Aata Afaitu n’était jamais le dernier à répondre oui quand on l’invitait à boire un verre. Il aimait passer du bon temps avec ses vieux camarades. Au fil des ans son corps avait acquis une certaine résistance qui lui permettait, en de telles occasions, de boire à outrance jusqu’au bout de la nuit. Il faut dire qu’Aata avait un secret qui lui permettait de ne pas se soucier de la gueule de bois : LE remède qui permettait de la contrer.
Il avait mis au point, un peu par hasard au début, un savant mélange de plantes qui, une fois infusées, donnait un breuvage qu’il fallait boire en grande quantités pour assurer ses effets. Un grand verre en étant encore ivre, avant de se coucher, et deux cul-sec en se réveillant au petit-matin. Et hop ! Au diable les migraines, les mots de ventre et la fatigue. Avec cette infusion, la tête vous sortait du
%$? en un rien de temps !
Cette fois-ci, Aata n’était pas rentré chez lui une fois la petite beuverie terminée.
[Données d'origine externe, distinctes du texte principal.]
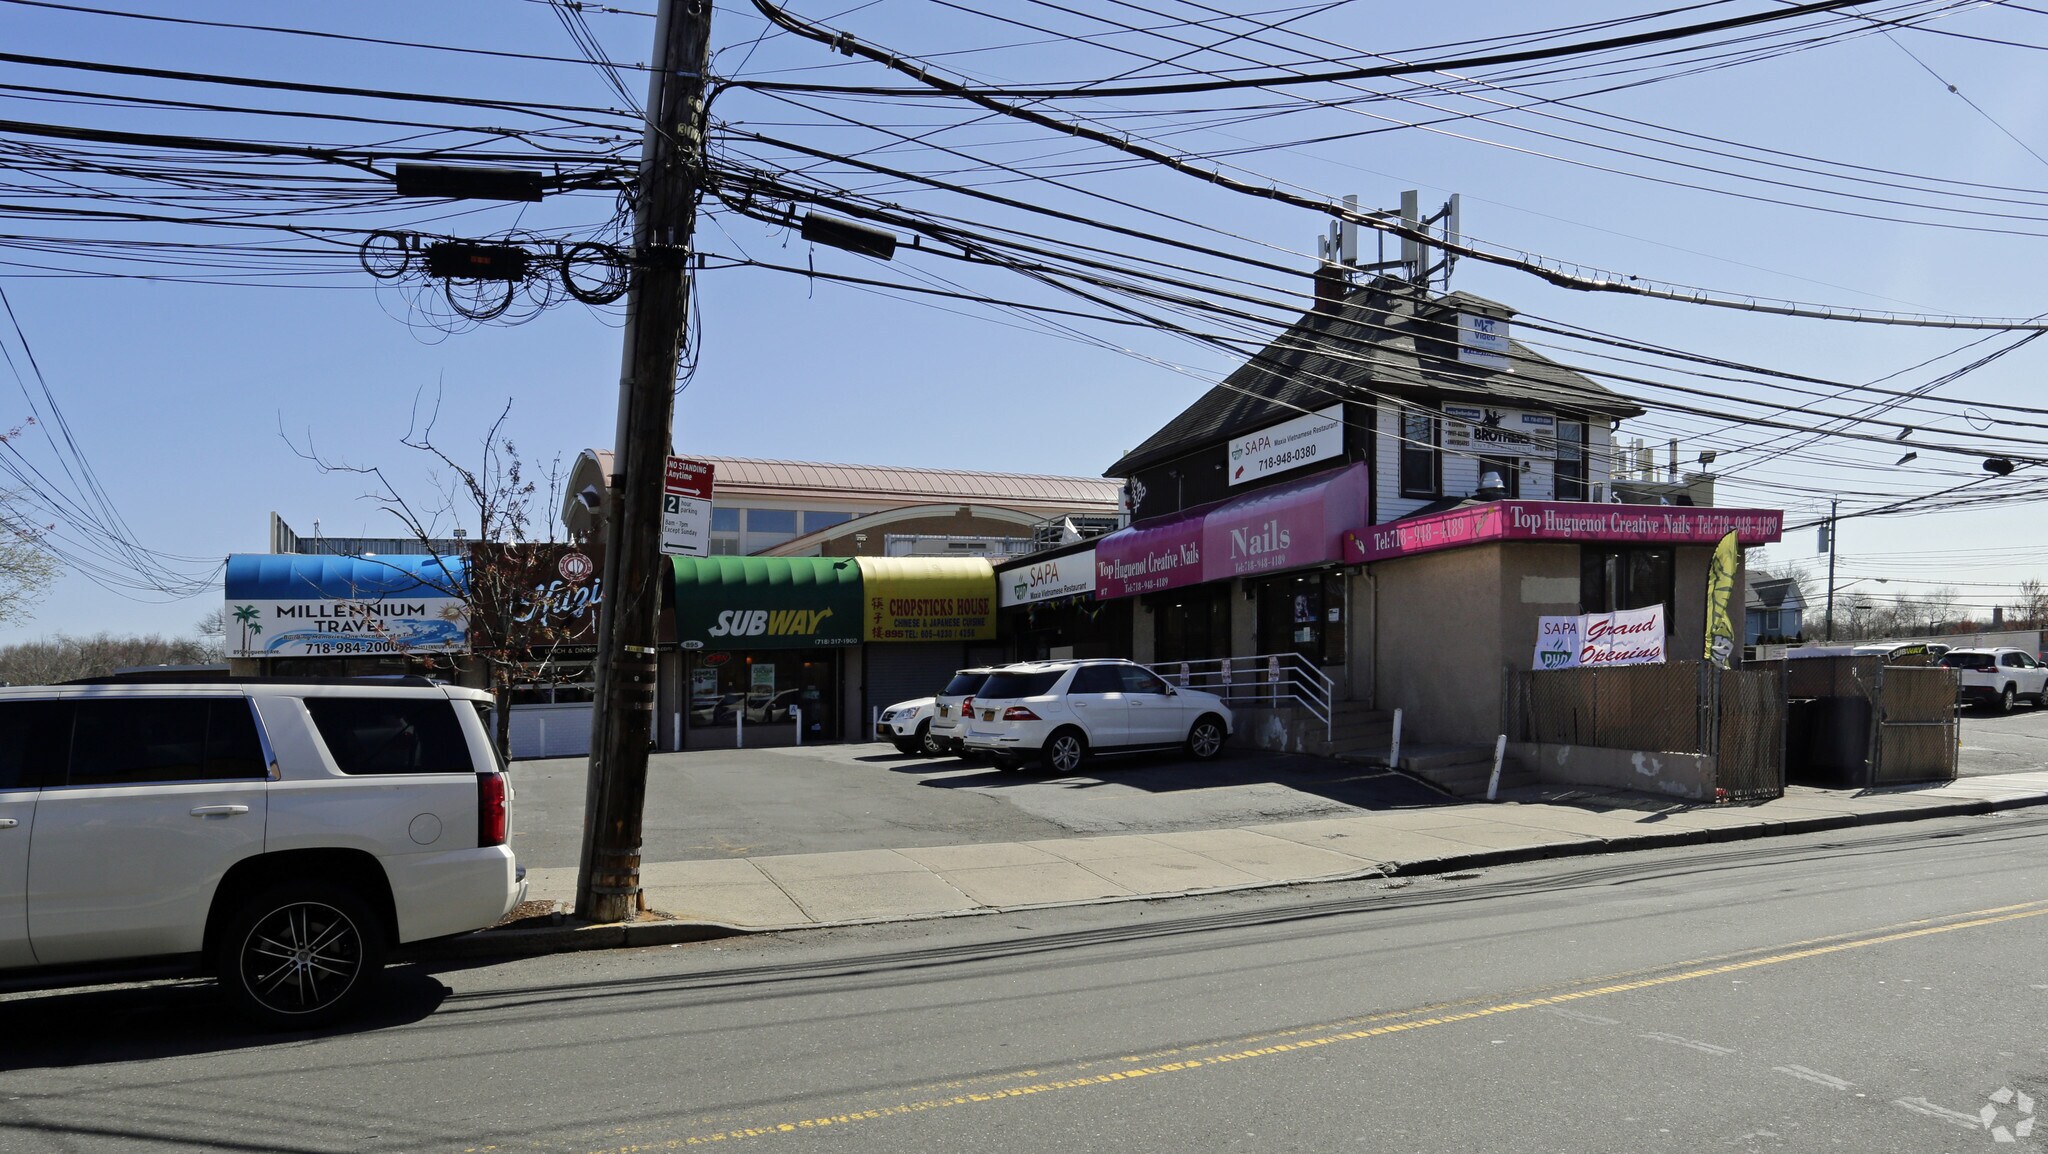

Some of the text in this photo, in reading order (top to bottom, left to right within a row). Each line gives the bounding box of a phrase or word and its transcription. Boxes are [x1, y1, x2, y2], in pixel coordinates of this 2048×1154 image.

[1245, 436, 1270, 456] SAPA
[1287, 429, 1312, 443] Vietnamese
[1313, 421, 1338, 435] Restaurant
[1259, 444, 1316, 471] 718-948-0380
[668, 461, 707, 474] NO STANDING
[668, 470, 692, 481] Anytime
[667, 496, 677, 512] 2
[680, 507, 698, 515] parking
[681, 500, 691, 508] hour
[1511, 506, 1541, 534] Top
[1545, 509, 1606, 537] Huguenot
[1610, 512, 1658, 535] Creative
[1663, 514, 1691, 534] Nails
[665, 526, 697, 536] Except Sunday
[1374, 517, 1464, 551] Tel:718-948-4189
[1230, 520, 1291, 560] Nails
[1098, 541, 1199, 584] Top Huguenot Creative Nails
[1030, 562, 1059, 587] SAPA
[1042, 587, 1063, 599] Vietnamese
[1064, 582, 1087, 593] Restaurant
[276, 604, 425, 618] MILLENNIUM
[889, 597, 990, 617] CHOPSTICKS HOUSE
[314, 620, 390, 632] TRAVEL
[708, 607, 833, 637] SUBWAY
[894, 618, 920, 628] CHINESE
[929, 617, 960, 627] JAPANESE
[962, 617, 986, 627] CUISINE
[1544, 614, 1656, 642] SAPA Grand
[884, 629, 904, 638] 895
[1579, 645, 1662, 664] Opening
[1890, 646, 1928, 660] SUBWAY
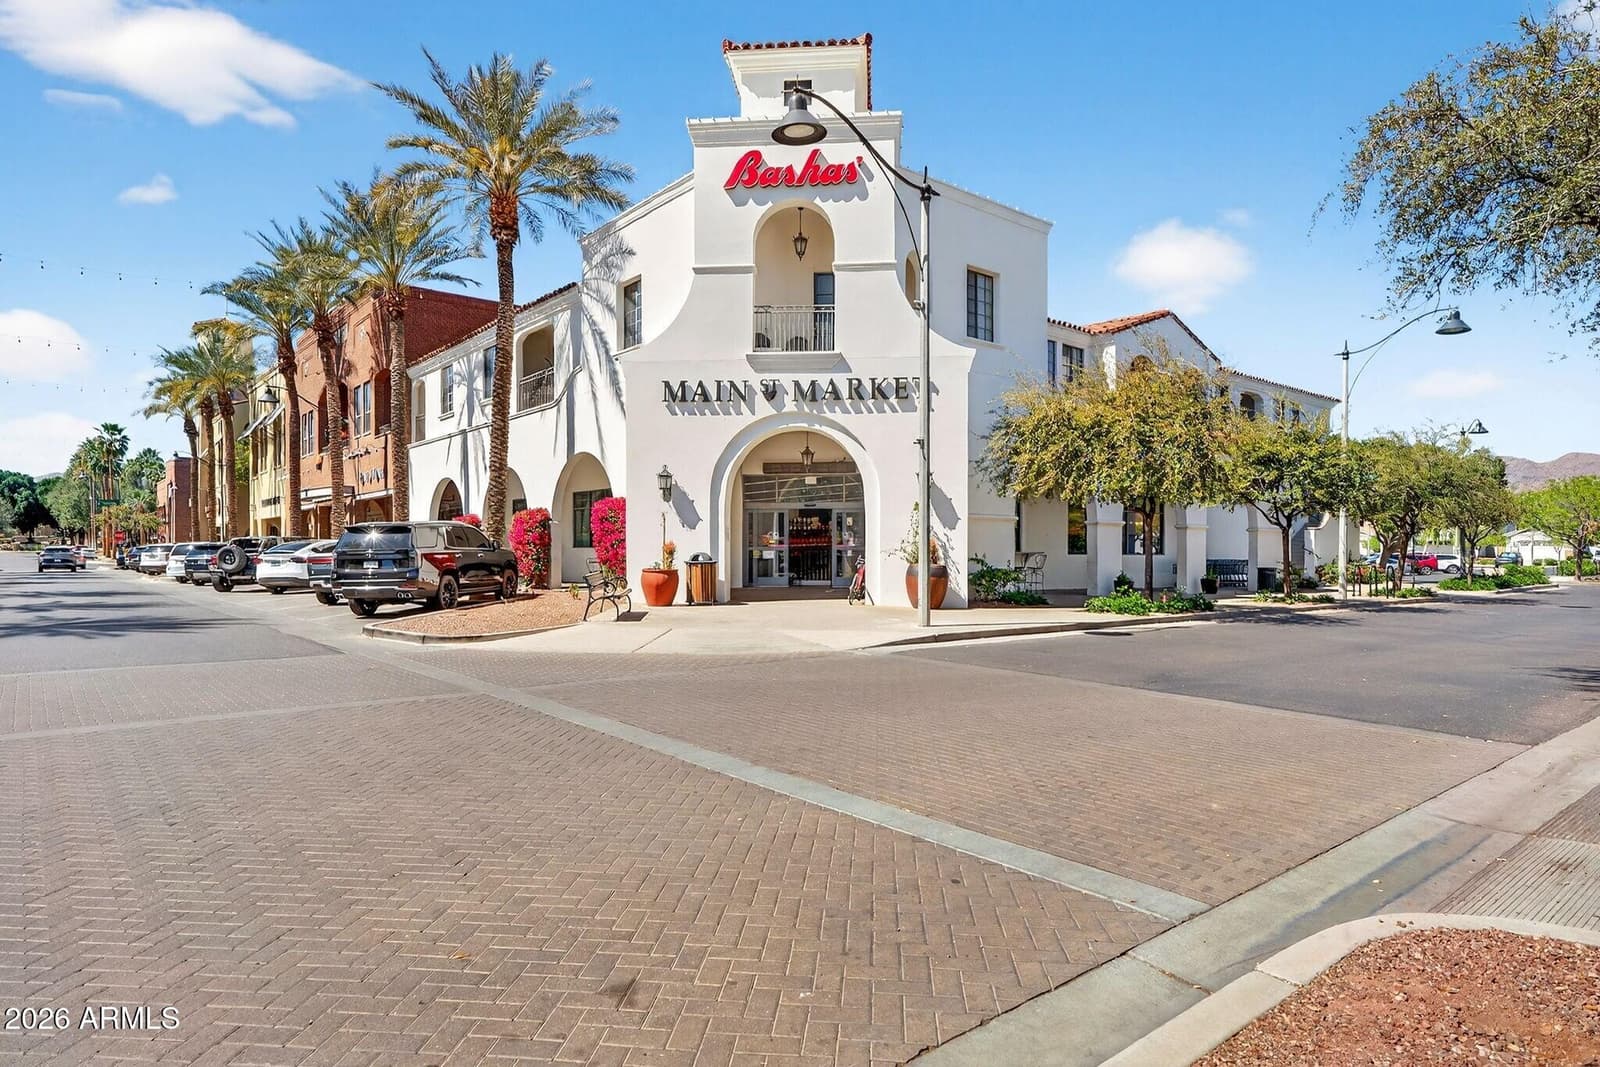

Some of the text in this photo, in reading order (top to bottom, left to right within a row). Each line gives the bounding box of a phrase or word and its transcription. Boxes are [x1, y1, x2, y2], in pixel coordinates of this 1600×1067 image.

[723, 149, 863, 190] Bashas'
[661, 380, 749, 403] MAIN
[760, 378, 780, 394] ST
Il savait qu’il lui faudrait se lever tôt le lendemain tant il avait à faire à la boutique. Trois caisses pleines d’une multitude de plantes étaient arrivées juste avant qu’il ne baisse le rideau, et il lui faudrait tout vérifier, trier, et ranger. Tout cela sans compter qu’en cette période hivernale les patients étaient nombreux à venir quémander ses services. Il avait donc choisi de dormir dans son arrière boutique. Un grand canapé-lit s’y trouvait, prêt à le voir tomber de sommeil. Le temps qu’il gagnerait le lendemain matin en se réveillant directement sur place ne serait pas de trop.
Seulement voilà, en arrivant, la veille au soir, à son herboristerie, il s’était trouvé trop épuisé pour pouvoir prendre le temps de préparer son remède miracle.
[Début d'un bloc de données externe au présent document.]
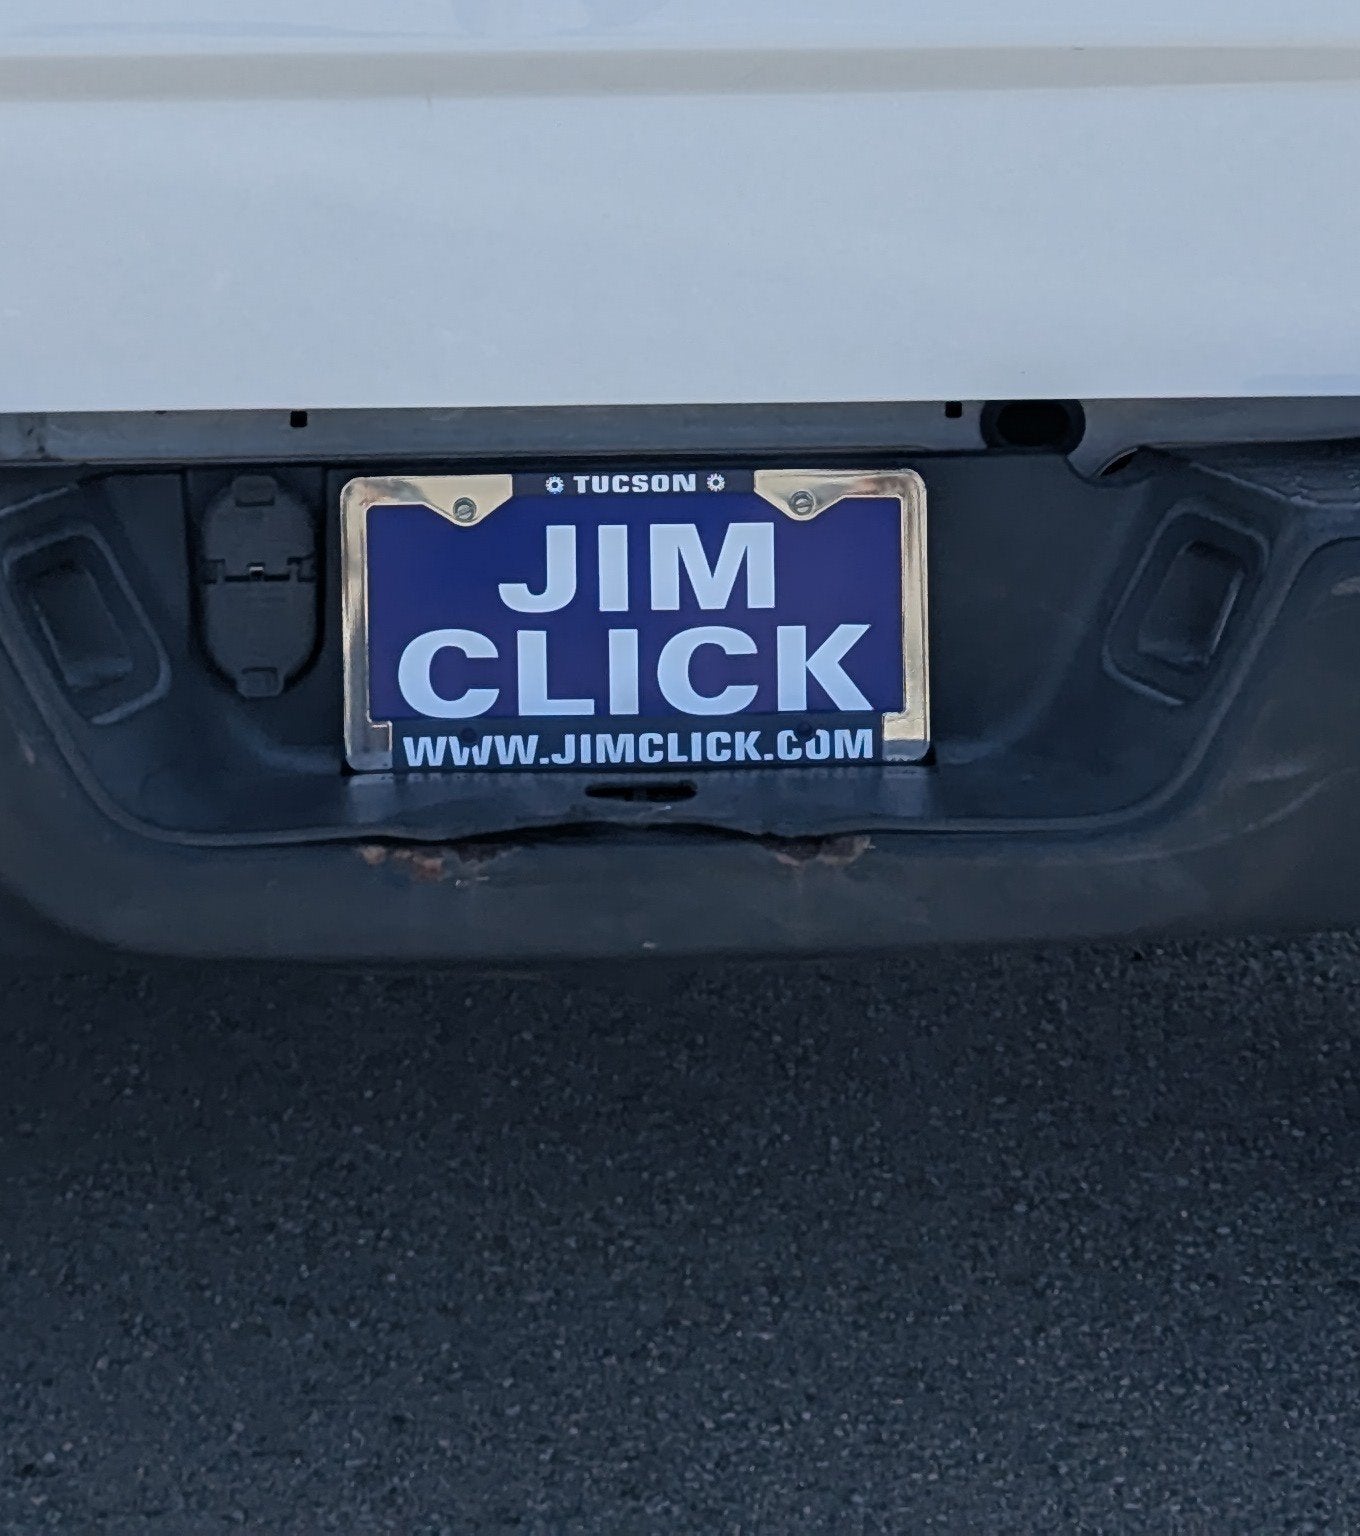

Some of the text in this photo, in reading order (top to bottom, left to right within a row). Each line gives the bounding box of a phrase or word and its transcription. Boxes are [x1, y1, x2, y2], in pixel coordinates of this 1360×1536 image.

[573, 473, 697, 493] TUCSON
[498, 522, 776, 613] JIM
[397, 623, 874, 718] CLICK
[402, 728, 874, 767] WWW.JIMCLICK.COM
« Tant pis, avait-il songé.
Ça me rappellera ma jeunesse ! » Et ça n’avait pas manqué de le faire. N’ayant pas pris la peine de fermer la porte de la boutique en y entrant la nuit dernière, il fut réveillé au petit matin par la voix d’un homme qui avait cru l’échoppe ouverte, et donc son gérant disponible.
Le vieil homme hésita à se lever mais finit par se faire une raison. S’il avait prit les dix minutes nécessaires à la préparation de la tisane avant de se coucher, il aurait été frais et dispos. Désormais il était trop tard pour espérer retrouver la forme et éviter les regrets. Il devrait faire avec.
La bouche pâteuse, les yeux mi-clos et le crâne douloureux, il quitta son lit, enfila une chemise propre qui traînait là par miracle et répondit du loin au client :
« J’arrive, j’arrive, un instant ! ». Il s’octroya une minute pour faire une toilette sommaire. Il s’aspergea le visage d’eau froide pour se redonner un peu de consistance, avant d’avaler un comprimé à base de plantes qui finirait tôt où tard par soulager sa migraine. Enfin prêt, il quitta l’arrière boutique pour aller affronter son premier client de la journée, journée qui promettait d’être plus longue encore qu’il ne l’avait imaginée.
Il fut soulagé en reconnaissant celui qui l’avait tiré de son sommeil. Lui et Ren se connaissaient bien, et le guérisseur savait que le jeune homme se montrerait compréhensif vis-à-vis de l’état du vieillard.
« Ren ! Quel plaisir de te voir ! Excuses-moi pour la tenue, la nuit a été longue pour moi… Qu’est-ce qui t’amènes de si bon matin ? »Aata sentit alors qu’il commençait à aller mieux. Son corps était bien plus résistant qu’il ne l’aurait pensé. Maintenant que sa journée était lancée, il n’avait de toute façon plus d’autre choix que d’aller au bout. Ce simple constat suffit à lui redonner quelques forces. Restait à voir si cela durerait aussi longtemps qu’il le faudrait...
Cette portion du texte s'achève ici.